A CANNABIS smoker who used the drug to treat mental illness was found with a secret growing area behind a false wall at his house.

Matthew Roberts had almost half a kilo of herbal cannabis with a street value of £6,000 when police raided his home in Crediton and found evidence of recent cultivation.

He had boxed in a hidden space on the first floor where he had previously grown four plants and police seized the dead stalks along with lights, timers and other hydroponic equipment.

Roberts told officers that he was a heavy user and took cannabis to ease a painful physical condition and mental health issues. He claimed to have bought in bulk and only supplied a few friends as a favour.

Some of the drugs had been divided up into smaller bags, there were messages on his phone, and a list of names that police believed to be customers.

A judge at Exeter Crown Court told Roberts he was “a bit of a lucky boy” in that the prosecution had accepted his claim not to be dealing commercially.

Roberts (39), of Mill Street, Crediton, admitted production and possession with intent to supply cannabis and was fined £100 with £250 costs and ordered to do 20 days of rehabilitation activities.

Judge David Evans told him: “Whatever your particular views about the illegal status of cannabis, and how it does or does not help you, it is time you stopped using it and put it behind you.
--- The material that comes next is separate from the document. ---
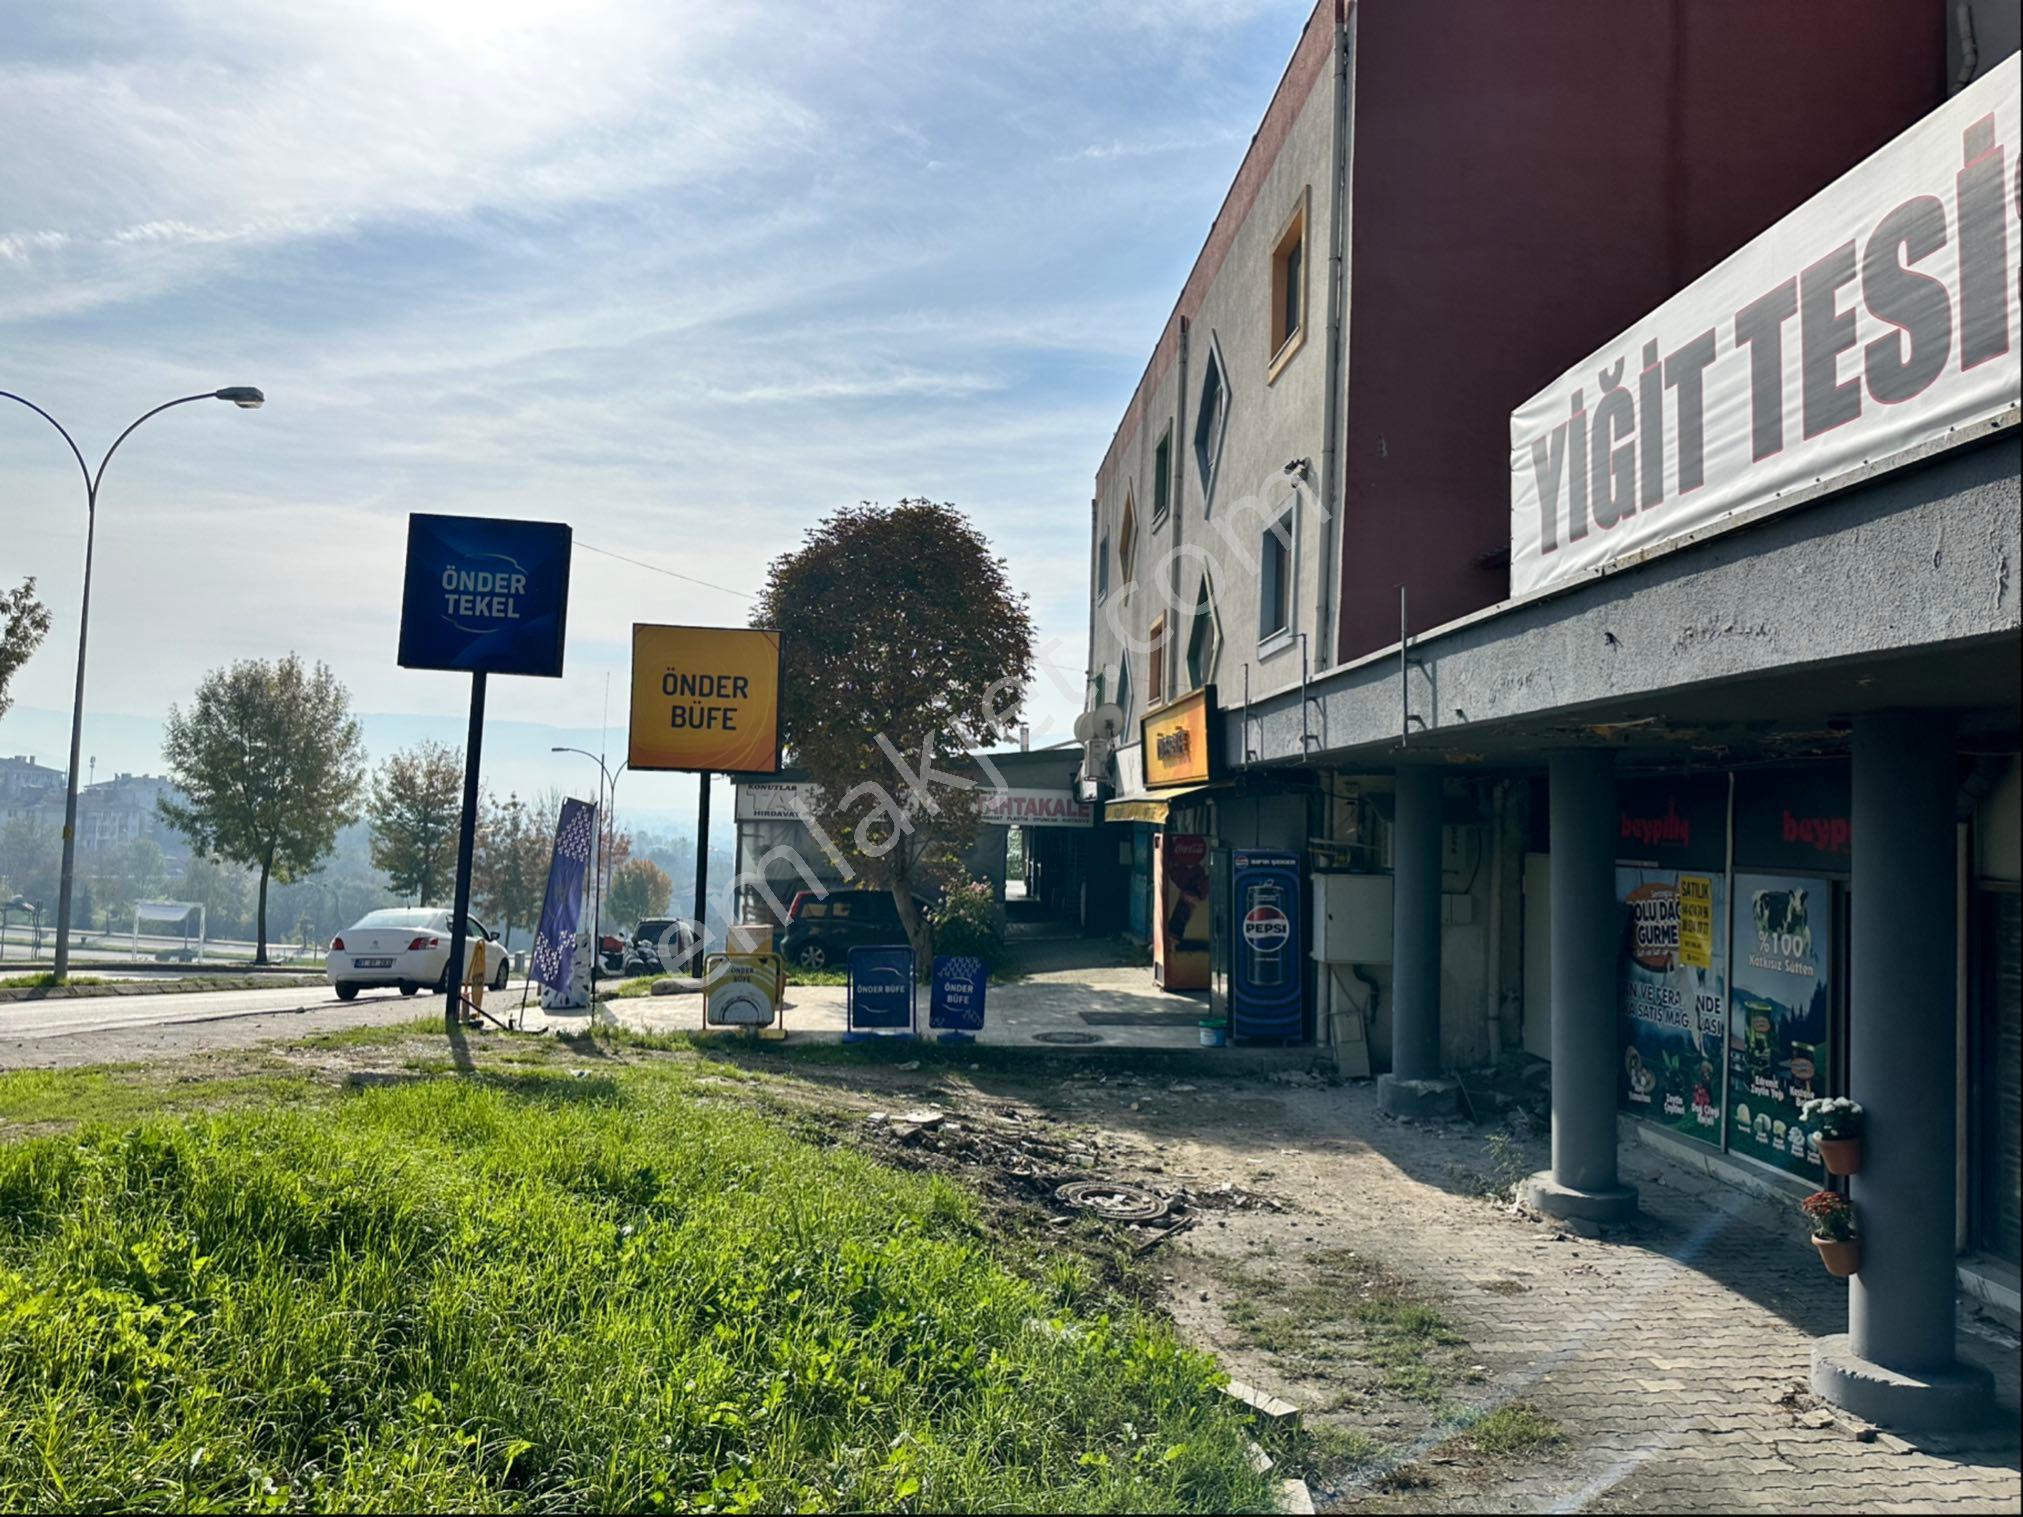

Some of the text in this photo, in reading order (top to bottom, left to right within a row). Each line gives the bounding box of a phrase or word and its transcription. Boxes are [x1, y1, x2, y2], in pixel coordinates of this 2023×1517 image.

“You have pleaded guilty on a particular basis and people may think you are a bit of a lucky boy that it has been accepted, but there you are.

“You will have to pay the fine and costs and make do without your cannabis.”

Miss Felicity Payne, prosecuting, said Roberts’s home was searched after he was stopped driving a van in Exeter and found with three ounces of cannabis and two mobile telephones.

They found a hidden compartment in the wall of his bedroom with the remains of a growing area and four dead plants behind it. There were bags of cannabis in his and a spare bedroom.

Miss Hollie Gilbery, defending, said the prosecution accepted his basis of plea which said he bought in bulk and grew cannabis mainly for self-medication but did supply a few friends as a favour if they asked him.

She said he suffers from physical and mental health problems which led him to use the drug but that his role in dealing was at the lowest level.

She said a crossbow found at his house was a child’s toy and was not there for any sinister purpose.